Updated

Mayor Ray Nagin, in his first State of the City address since Hurricane Katrina, said New Orleans is a city on the mend — a city of "strength and determination" — but he called on state and federal leaders to do more to help speed the city's recovery.

Nagin said President Bush had failed to keep his promise to move federal aid to "affected areas and the people who need it the most." And he called on Gov. Kathleen Blanco, with whom he's had an at-times tense relationship, to tap into a state budget surplus to help the city and other parts of the state still struggling to recover from Katrina and Hurricane Rita, which struck a month later.

"Use the $3 billion budget surplus to ensure a strong future for our state and for all our citizens," he told the city workers, police and community members who gathered in the hangar-like war museum. "Because as New Orleans recovers, and as south Louisiana recovers, so does Louisiana."

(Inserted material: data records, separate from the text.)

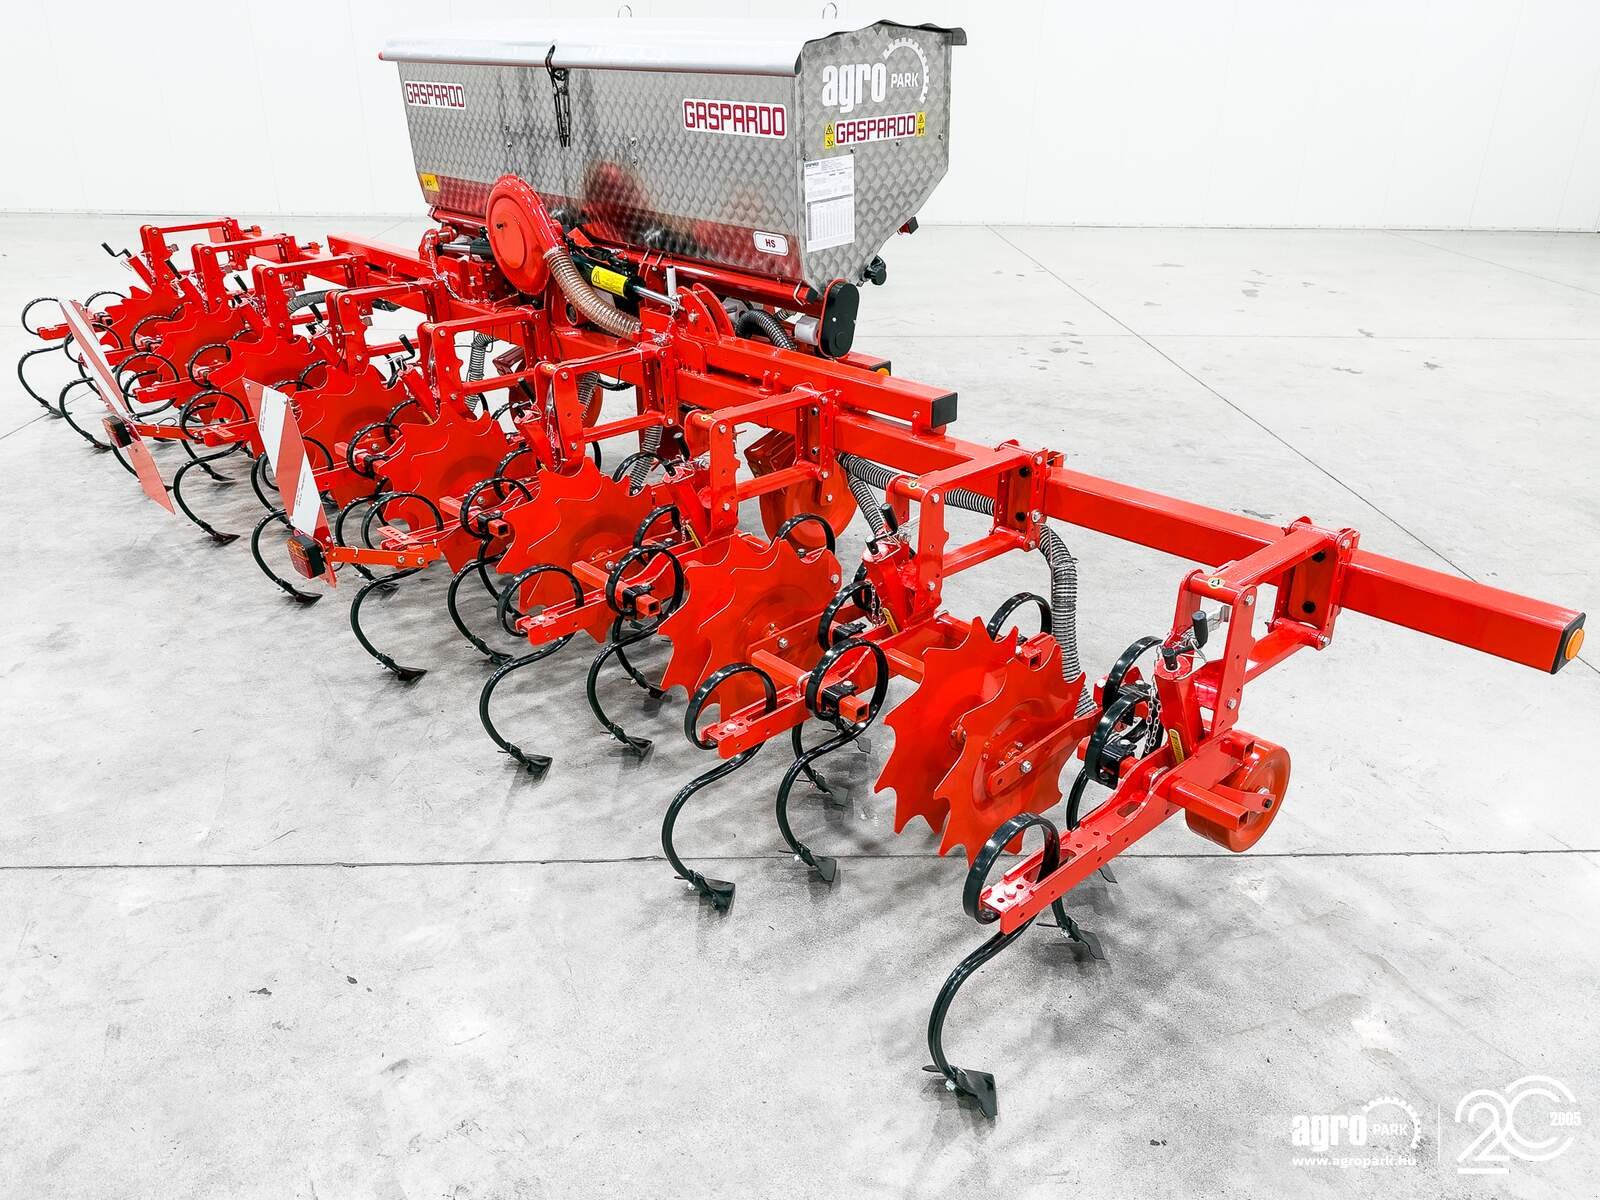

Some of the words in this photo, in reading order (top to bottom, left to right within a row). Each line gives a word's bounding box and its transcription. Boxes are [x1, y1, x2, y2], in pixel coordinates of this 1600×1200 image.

[405, 82, 465, 108] GASPARDO
[822, 62, 886, 114] agro
[890, 72, 919, 89] PARK
[684, 101, 785, 136] GASPARDO
[836, 115, 916, 144] GASPARDO
[765, 238, 776, 248] HS

Although Nagin referred to the city's challenges, including a storm-depleted police force dealing with a rise in violent crime and a health care system in "crisis" — he sounded an overall positive tone, as he compared his city to a patient written off as dying but who eventually recovered.

"We have stabilized, we are implementing plans for our future, and we are strong enough for the next phase of recovery —the transformation to the new New Orleans," Nagin said.

"This transformation," he said, "won't be easy."

The speech comes just two days before the start of a new hurricane season, and against the backdrop of a city still fighting to recover from a storm 21 months ago.

While more than half the city's pre-Katrina population of 455,000 is back, according to one recent estimate, swaths of some neighborhoods remain in shambles, with houses empty and many small businesses ailing or shuttered.

As of mid-month, the city said it had received just $163 million in federal rebuilding aid, a fraction of the $1 billion or more it says it will need just to restore what Katrina damaged and with little earmarked for permanent infrastructure work.

The city in March unveiled a $1.1 billion rebuilding plan, but not all the funding for that plan is in place; at least one-third of the money in doubt as the state considers using it to help bail out a homeowner aid program. Nagin called on Blanco to ensure it, instead, reaches local governments to help them implement their recovery plans.